Seasons of grief

A friend, besieged by grief over a struggling relationship introduced me to Kate McGarrigle’s song Proserpina, a song I struggle to get out of my mind. The words pop up all the time, even when I least expect them.



Come home to Mama, come home to your mother now.

It’s a variation of the story of Persephone who was stolen to the underworld by its king, Hades, much to her mother, Demeter’s grief and after the god’s made some sort of deal she, Persephone, (the Greek name for its Roman counterpart, Proserpina) was allowed to return to earth for half of the year.

And so, we have the making of the seasons, winter and autumn for grief and spring and summer the joy of reunion.

When she is gone Proserpina’s mother, Hera or Demeter, which ever you prefer, both sisters of Zeus and one thought to be Proserpina’s mother, also Goddess of agriculture, refuses to do her job:

I shall punish the earth

I shall turn up the heat

I shall take away every morsel to eat

I shall turn every field into stone

While I walk here all alone crying for Proserpina,

Proserpina, come home to your mother now.

If like me, you could constantly hear the music to which these words are set, you too might feel overcome, especially once you’ve seen and heard Martha Wainwright, Kate McGariggle’s daughter,  sing this song.

It’s one that gets to the pit of my gut and reaches into the back of my brain.

It bespeaks a grief that is greater than any grief I have ever known.
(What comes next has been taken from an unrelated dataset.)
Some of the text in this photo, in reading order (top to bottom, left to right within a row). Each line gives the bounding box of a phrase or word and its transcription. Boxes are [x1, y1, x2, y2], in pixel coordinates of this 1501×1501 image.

Kate McGarrigle wrote the sing once diagnosed with the cancer that killed her and her daughter, Martha sang this version soon after her mother’s death.
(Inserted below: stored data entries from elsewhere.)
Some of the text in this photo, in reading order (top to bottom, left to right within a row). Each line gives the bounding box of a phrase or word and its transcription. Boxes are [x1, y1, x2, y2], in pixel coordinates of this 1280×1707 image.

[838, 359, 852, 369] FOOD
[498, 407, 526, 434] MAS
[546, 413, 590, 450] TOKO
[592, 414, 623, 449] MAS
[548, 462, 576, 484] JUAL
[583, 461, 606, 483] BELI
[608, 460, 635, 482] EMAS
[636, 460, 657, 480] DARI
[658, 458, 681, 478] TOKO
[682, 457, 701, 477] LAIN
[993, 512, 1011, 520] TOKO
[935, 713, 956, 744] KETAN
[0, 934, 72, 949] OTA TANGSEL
And how is this for a poem on grief;


It wasn’t the bees I thought to tell but wasps
the evening you died. Not things that fly
from earth to the underworld bearing sweetness
on their wings: grief made me bitter
and so in bitterness I went to seek
what roots among the mud and leaves, hanging
its home in ashes. I wanted to believe
this world would be our only one.
What other streams could run more cold,
what trees bloom with darker fruit?
I was happy here once, as were you.
I wanted to stay and grieve in the failing world
where we were human together.
Why tell the bees who must be taught of loss?
And so I fell among the wasps, whispering
your name into the hole I scooped
beside the marshy winter creek, where wind
now scours the freezing water. Where reed
on broken reed hums its numb refrain,
and love turns in its mud home, and sleeps.

Paisley Rekdal [winner of the 2018 Narrative Prize]
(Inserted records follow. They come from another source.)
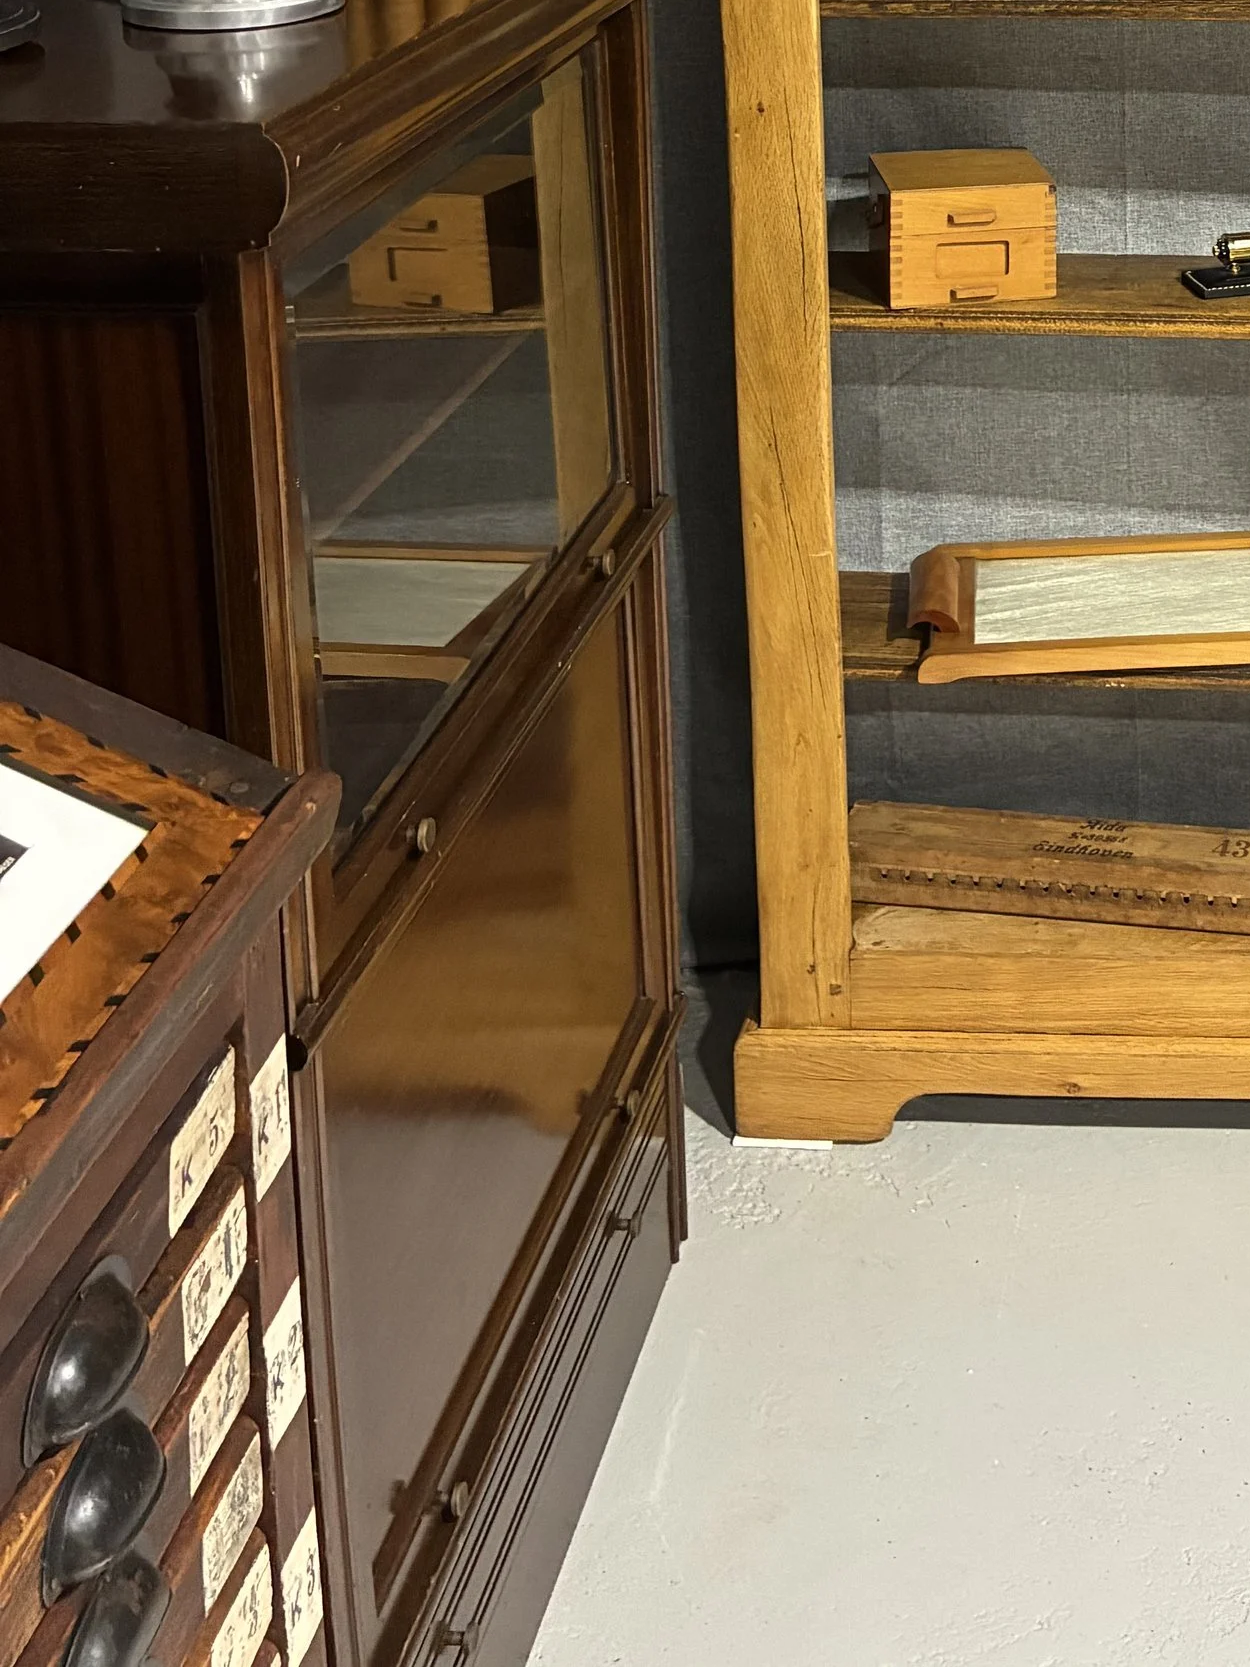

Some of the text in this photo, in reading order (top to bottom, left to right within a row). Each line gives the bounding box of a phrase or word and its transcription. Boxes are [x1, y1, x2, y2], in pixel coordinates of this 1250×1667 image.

[1032, 840, 1134, 858] Eindhoven
[1211, 838, 1250, 859] 43
[181, 1108, 219, 1198] K 5
[306, 1551, 316, 1597] 3
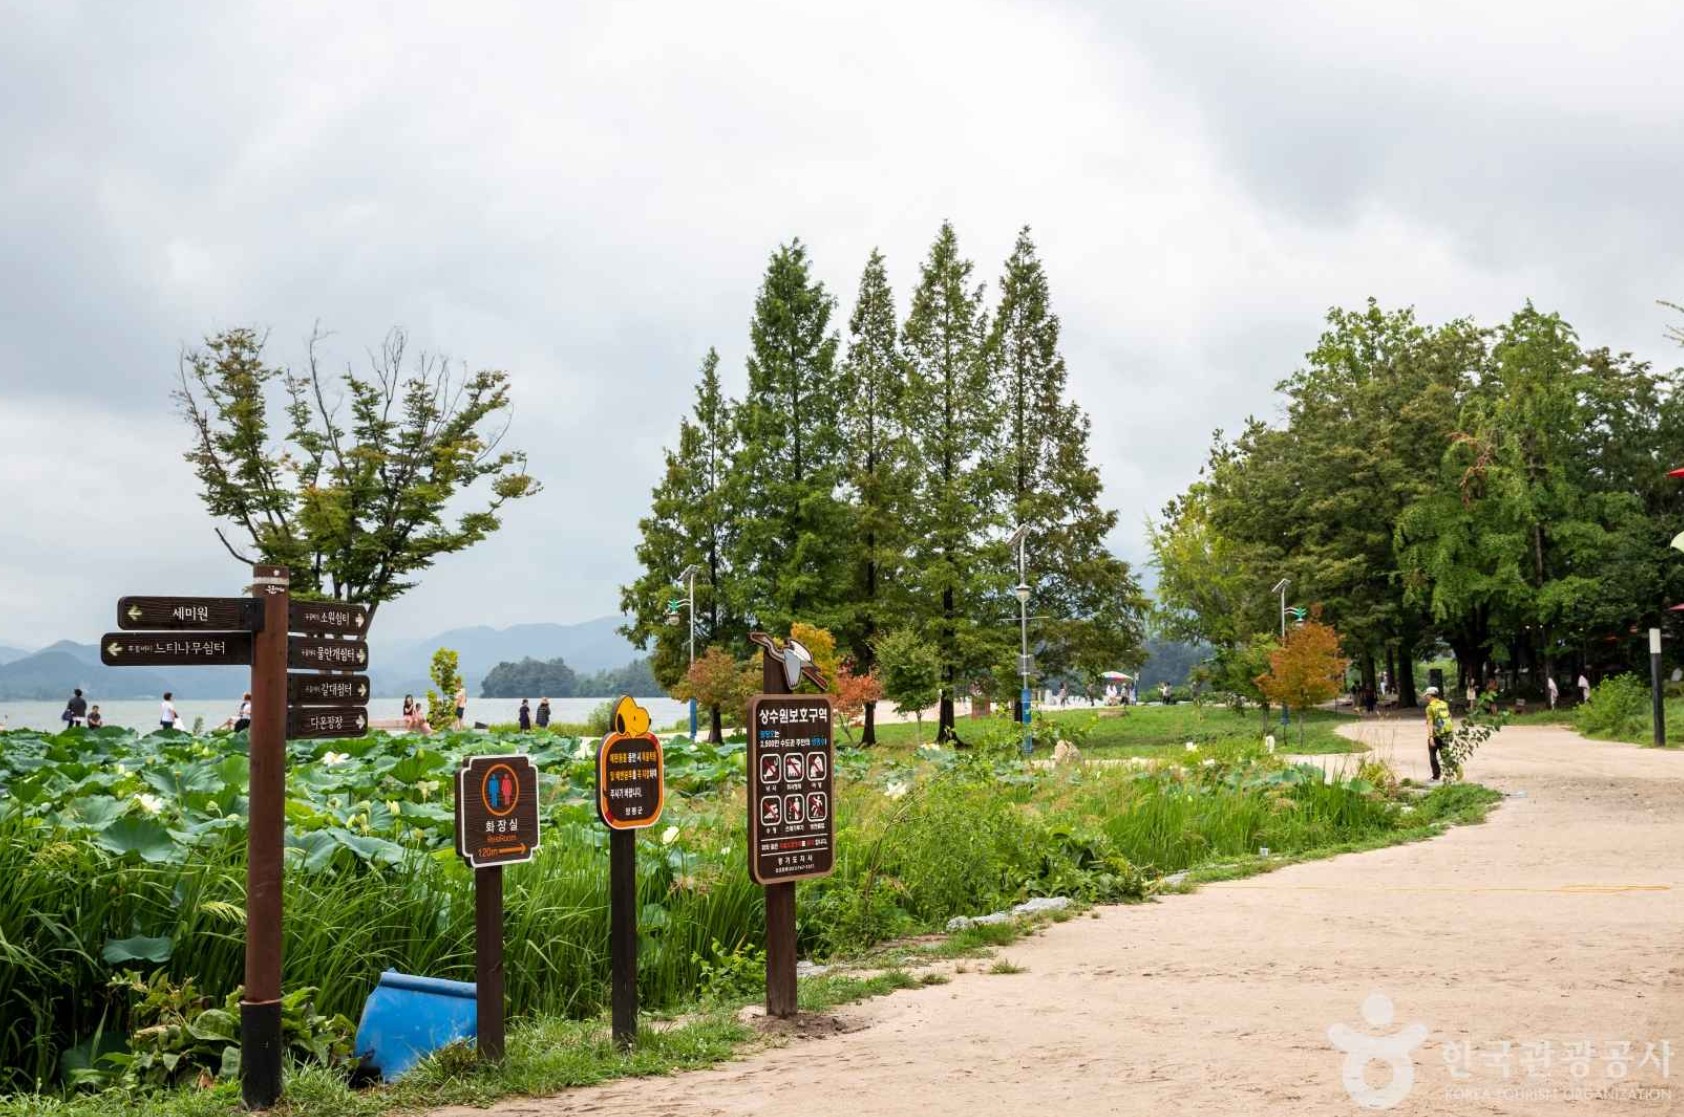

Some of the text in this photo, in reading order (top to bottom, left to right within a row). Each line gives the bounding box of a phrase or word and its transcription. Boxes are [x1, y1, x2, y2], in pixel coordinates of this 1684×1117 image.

[172, 606, 209, 622] 세미원
[320, 610, 350, 626] 소원쉼터
[154, 641, 226, 656] 느티나무쉼터
[317, 646, 355, 662] 물안개쉼터
[320, 682, 352, 697] 갈대쉼터
[759, 708, 828, 725] 상수원보호구역
[486, 818, 518, 833] 화장실
2 thoughts on “Seasons of grief”

  1. As arbitrary as the choice of word is I’ve always liked the word “novel” for a bookful of prose. Something new. Who wants to read (or listen to) stuff we’re already familiar or too familiar with? I’ve experienced loss—parents, siblings, friends, colleagues, a daughter for a while—but I continue to struggle with grief. I know people say we all grieve in our own ways and I’ve no doubt there’s some truth in the expression but I’m also the kind of person who likes to do things right. The image of Jen walking down the street feeling judged by others—the woman who didn’t know how to grieve properly—is fiction, yes, but it comes from a truthful place. I find songs like this (and the poem too) interesting because they present grief as something novel, something unfamiliar. I have the same issues with love songs and poems too. I wonder if I’ve ever truly been in love because I find it hard to relate to the words. Or am I simply doing my best, loving the best I can, grieving the best I can?

    Not much to the song is there? Another verse or two would’ve been nice. Still, not quite as bad a Neil Young’s ‘T-Bone’ which I guess is another song about loss:

    1. Not much to this song in terms of words, Jim, but the music, the performance, the resonance to me is gutting. I agree we all grieve in our own ways. It’s all vwry subjective. Thanks, Jim.